Work request:
For every record that follows, transcribe the text exactly and leave any image out.

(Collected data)

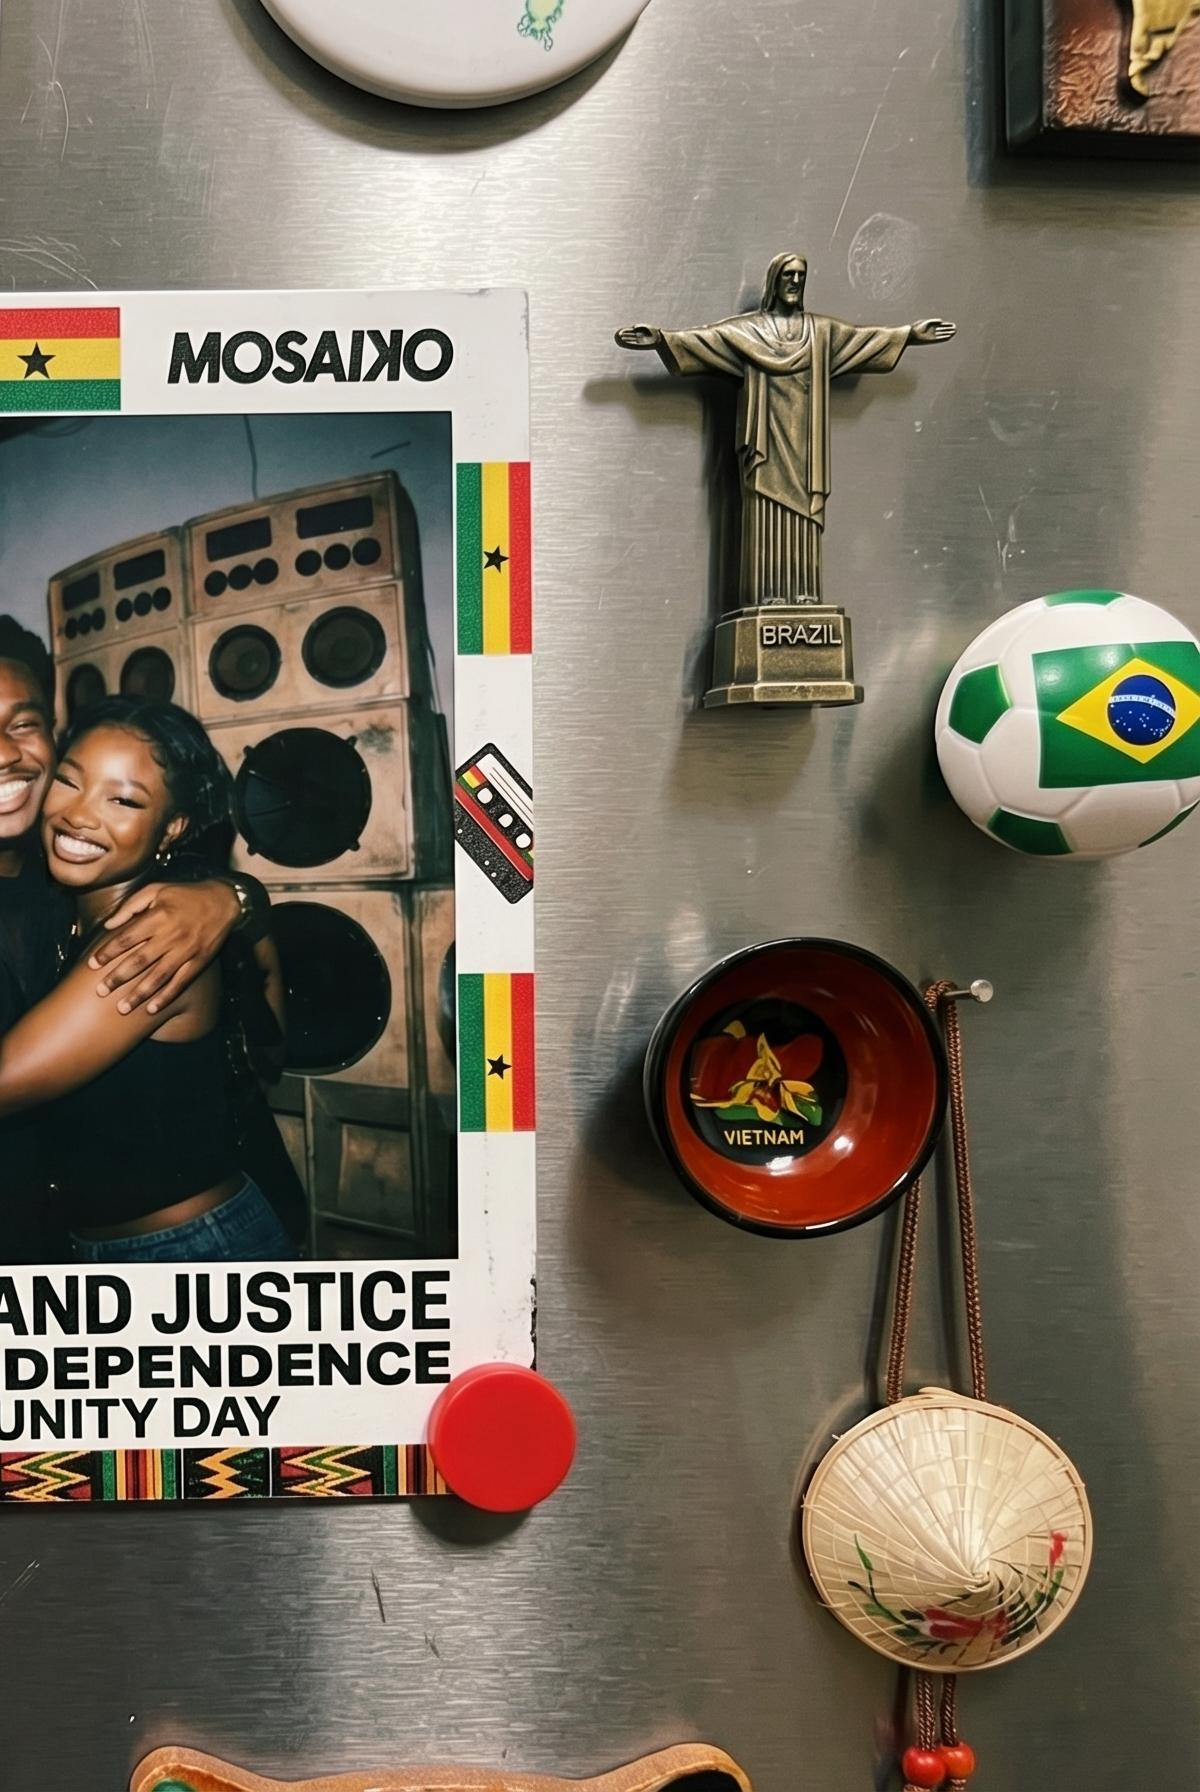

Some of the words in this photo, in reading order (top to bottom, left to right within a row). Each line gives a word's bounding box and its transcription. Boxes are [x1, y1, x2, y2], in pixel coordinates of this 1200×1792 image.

[167, 328, 454, 384] MOSAIKO
[762, 624, 842, 645] BRAZIL
[724, 1129, 804, 1146] VIETNAM
[151, 1270, 451, 1335] JUSTICE
[173, 1395, 281, 1438] DAY
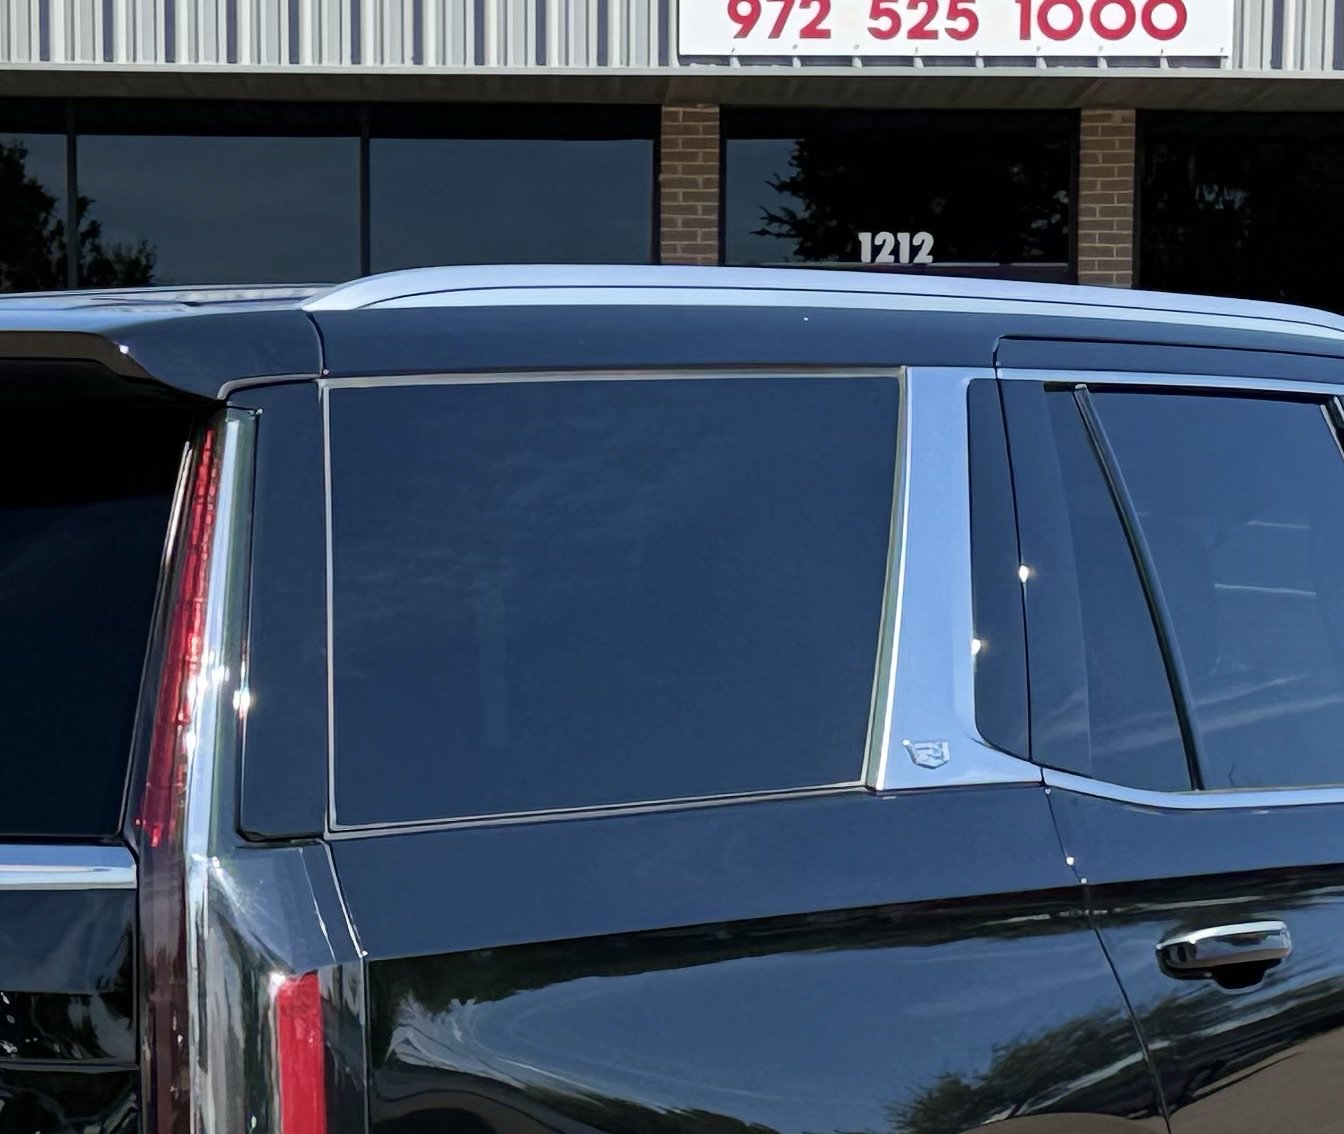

Completed task:
Some of the words in this photo, in reading order (top to bottom, left to right within a row). Each line gives a word's bounding box and its transcription. Boxes are [x1, y1, x2, y2], in pixel coordinates of this 1200×1792 image.

[167, 328, 454, 384] MOSAIKO
[762, 624, 842, 645] BRAZIL
[724, 1129, 804, 1146] VIETNAM
[151, 1270, 451, 1335] JUSTICE
[173, 1395, 281, 1438] DAY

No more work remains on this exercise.